15. _____ Rectified orthophotography, photogrammetric mapping, remote sensing, airborne/mobile laser scanning and other similar products, tools or technologies as the basis for the showing the location of certain features (excluding boundaries) where ground measurements are not otherwise necessary to locate those features to an appropriate and acceptable accuracy relative to a nearby boundary. The surveyor shall (a) discuss the ramifications of such methodologies (e.g., the potential precision and completeness of the data gathered thereby) with the insurer, lender, and client prior to the performance of the survey, and (b) place a note on the face of the survey explaining the source, date, precision, and other relevant qualifications of any such data.
This is the first time I have ever been asked to provide these services and It would be something I would have to sub it out and reference the company that provided the service on the ALTA, I haven't ever subbed any work out and don't really care for starting now but I may have to. Do you just overlay the deliverables from the aerial survey onto the ALTA?
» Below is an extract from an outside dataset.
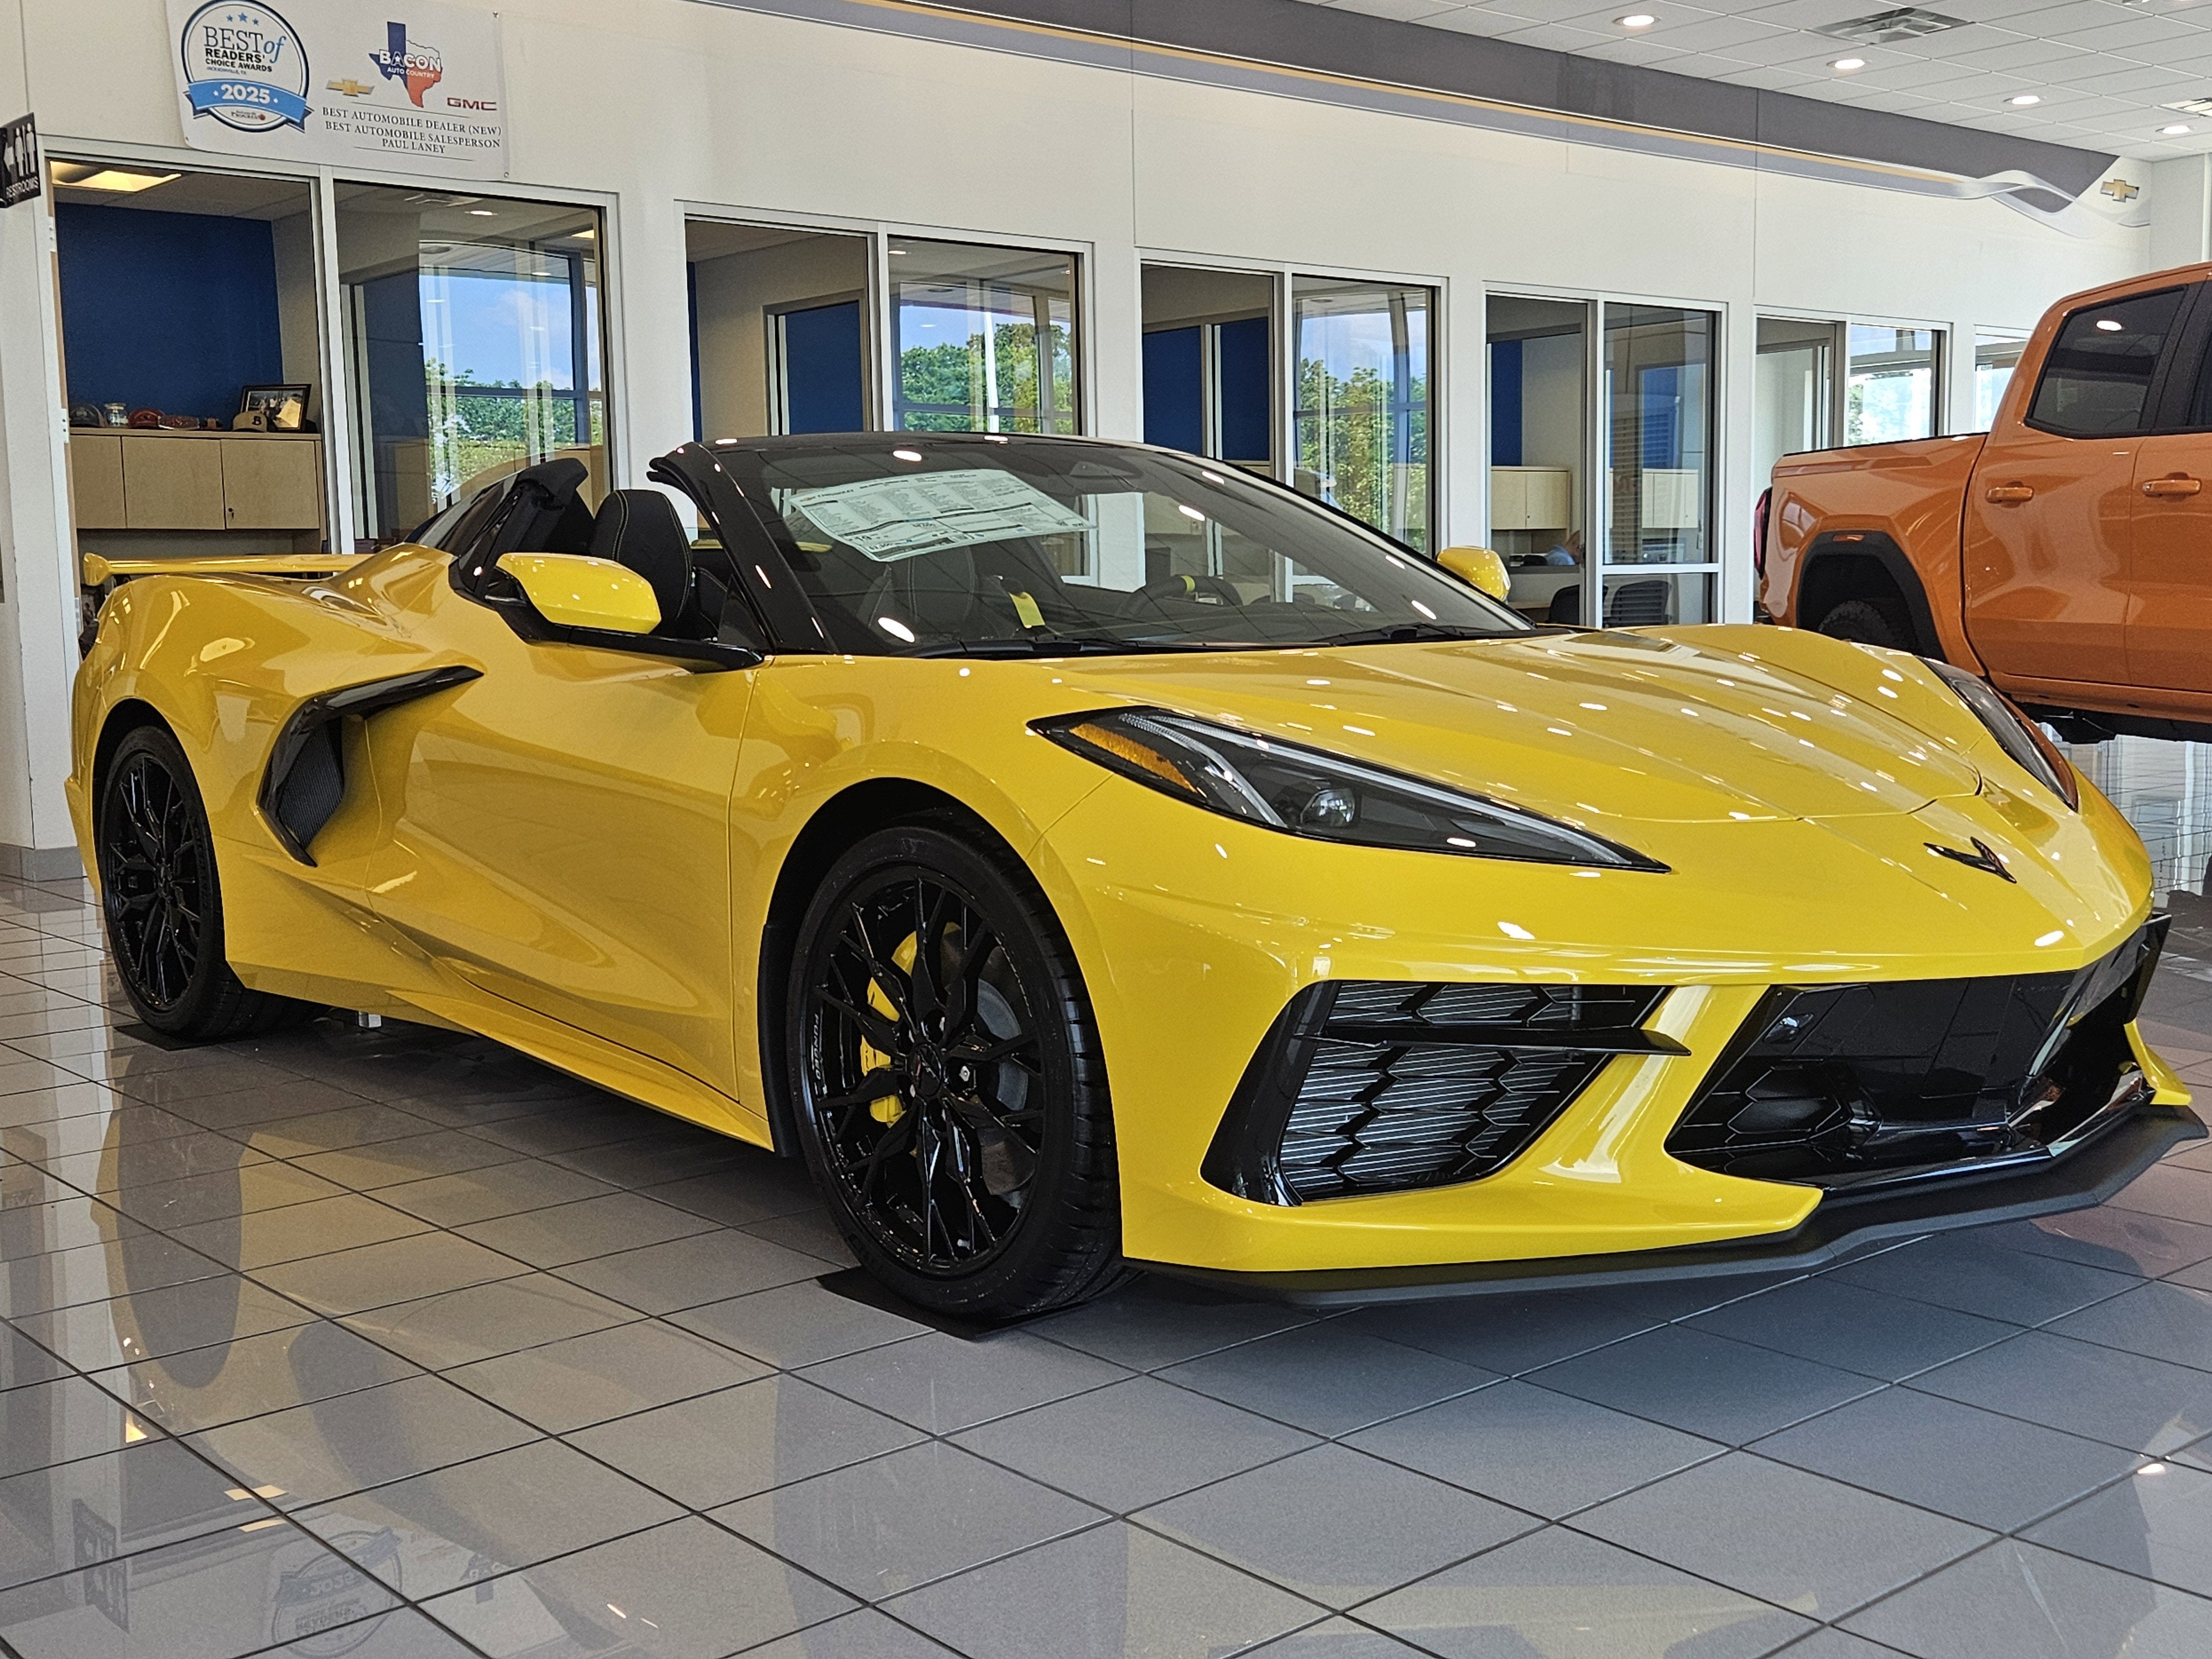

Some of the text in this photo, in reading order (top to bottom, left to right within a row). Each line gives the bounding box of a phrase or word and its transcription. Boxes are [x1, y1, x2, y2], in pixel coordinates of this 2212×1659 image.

Nevermind, after a quick email the client doesn't need it. How's that for a shocker.
well, in case you ever do...
used to do this on a fairly regular basis. main thing the client has to understand is the significant cost uptick. we had a guy (which is to say: he's still around, i just don't work at the old place anymore and haven't had a project on the scale to need his services) who did all our flights for us. he'd tell us where he wanted the panels, we'd run static, he'd fly it, we'd send him the NEZs, he'd send us back the photos and dwgs. we'd go out and random spot verify elevations and improvements. his stuff was always SPOT ON. so in that case, yes, we'd just drop his contours/flatwork into whatever our base file was. but it was never cheap. like never under 8 or 10K. once mapped half-foot contours across 600+ acres for us, i think that added like 45K to the survey cost.
all that said, it's been another good year. and if the accountant comes back at the end of december like he's done for the past couple years and says "you need to spend some money," i'm going to put serious thought into an RTK drone. the cost on those has basically halved since i first started looking at them, and if i can get anywhere in the ballpark of what that sub could do it'd pay for itself pretty quick. heck, the ATV i bought last december paid for itself in 2 jobs. a drone would take about 5 jobs.
[USER=8900]@Adam[/USER] I suggest you get in touch with a few aerial providers and discuss costs and time for delivery. You could save a ton of money and the timing can work... it depends. Of course your requirements need to be detailed.. think parking stripes and islands in a mall.
I have used both orthos and conventional aerial topo for ALTAs, not primarily for the precise work along the boundary but for the interior occupation...
"15. _____ Rectified orthophotography, photogrammetric mapping, remote sensing, airborne/mobile laser scanning and other similar products, tools or technologies as the basis for the showing the location of certain features..."
What this implies is that certain features can be located by less than survey standards if it is acceptable to the client. Explain to the client that for a typical survey in question all those features can be located to survey precision for the price you quote and that no value is added by including an additional expense for any contracted work. As the project size increases the extra expenses may in fact be a savings.